DECCOX is a premix in an oral powder formulation. It is intended for use in feed to prevent and control coccidiosis in broiler chickens. For broiler chickens, the rate is 0.5 kg DECCOX/tonne of feed, sufficient to provide a dose equivalent to 30 mg decoquinate/kg feed. The draft label states that broiler chickens should be fed continuously as the only source of feed from day old to slaughter.

6.4 Exposure during use

Workers in feed mills, poultry farmers and their employees will be the main users of the product. Workers may be exposed when opening bags of DECCOX, weighing the product, incorporating it into feed, and transferring and storing the final feed. Workers will be exposed to the product predominately by skin contact as well as inhalation and eye contact during the preparation of stock feed. The product formulation is expected to reduce the amount of dust produced, and hence the workers’ inhalational and ocular exposure. Workers dispensing finished feed to livestock will be exposed to the product diluted at up to 0.055 per cent (0.0033 per cent w/w active constituent) on a regular basis.
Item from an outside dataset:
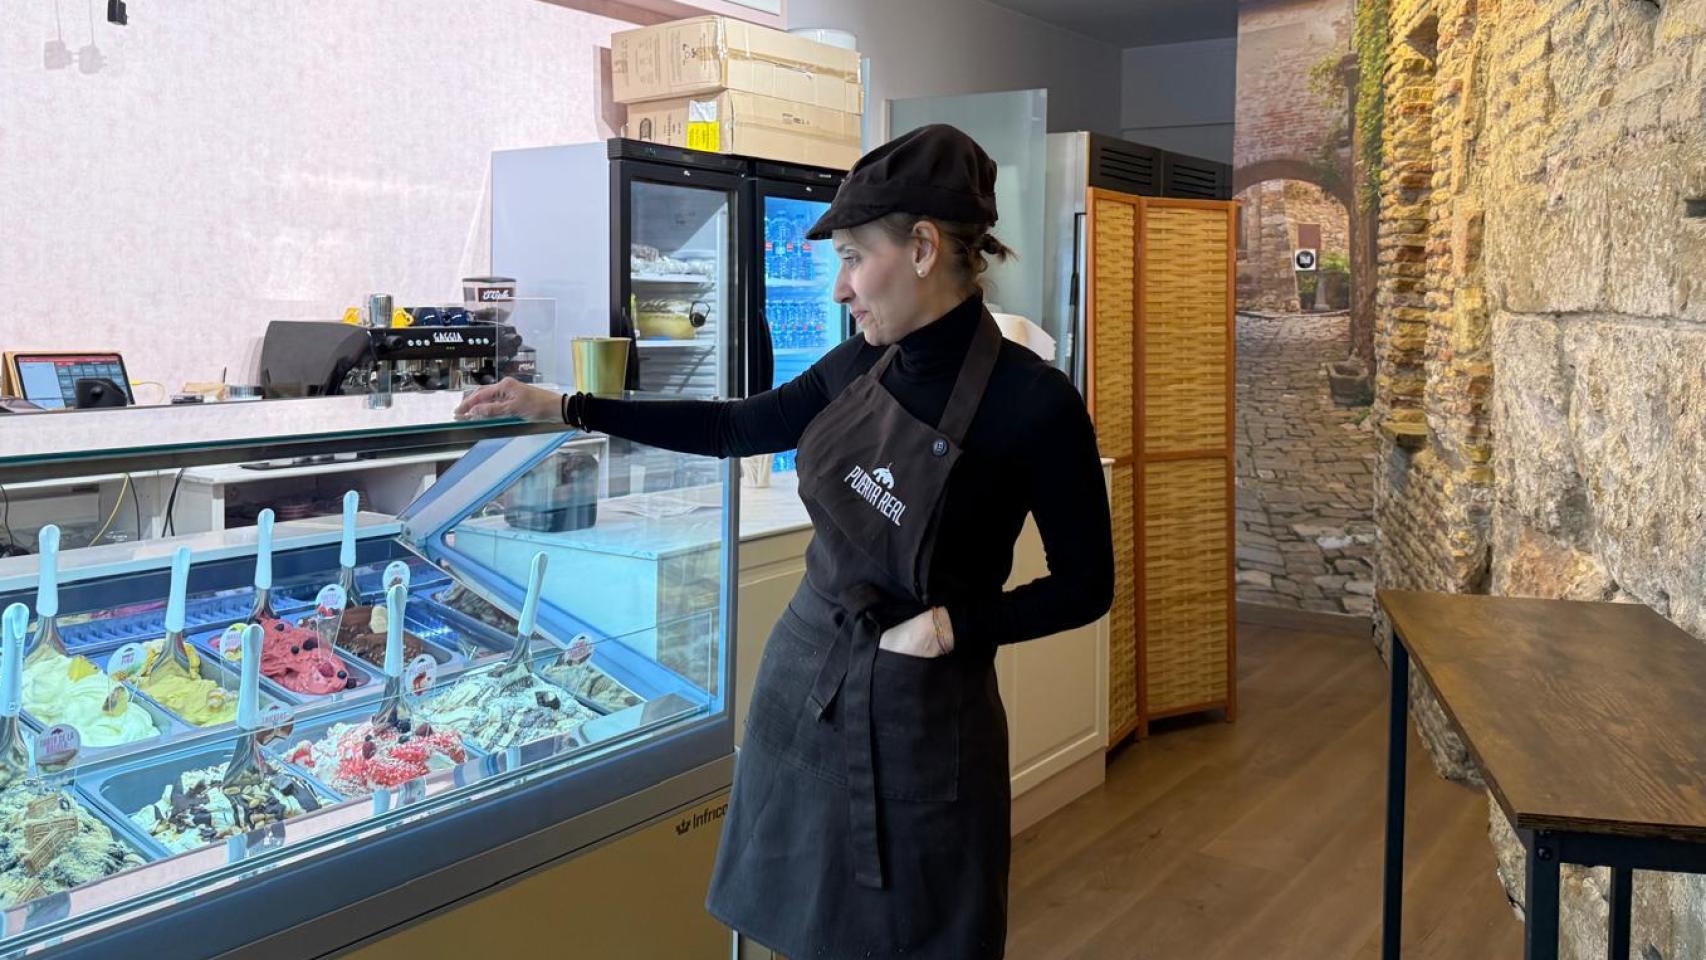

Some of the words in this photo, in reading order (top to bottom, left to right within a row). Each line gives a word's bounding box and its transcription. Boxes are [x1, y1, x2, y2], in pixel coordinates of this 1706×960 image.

[433, 331, 464, 344] GAGGIA
[844, 465, 882, 506] PUERTA
[876, 491, 906, 526] REAL
Occupational exposure studies have not been conducted for decoquinate or DECCOX. In the absence of exposure data for the proposed mode of application, the Pesticide Handler Exposure Database (PHED) Surrogate Exposure Guide (1998) was used to estimate potential worker exposure during mixing and loading. The exposure associated with handling of mixed product in feed is expected to be minimal and has not been quantitatively estimated in this particular case.

The toxic endpoint and NOEL was derived from a repeat dose study in animals. In this evaluation, a Margin of Exposure (MOE) ≥ 200 was considered acceptable. This MOE took into account both interspecies extrapolation and intra-species variability and the quality and completeness of the available data on decoquinate.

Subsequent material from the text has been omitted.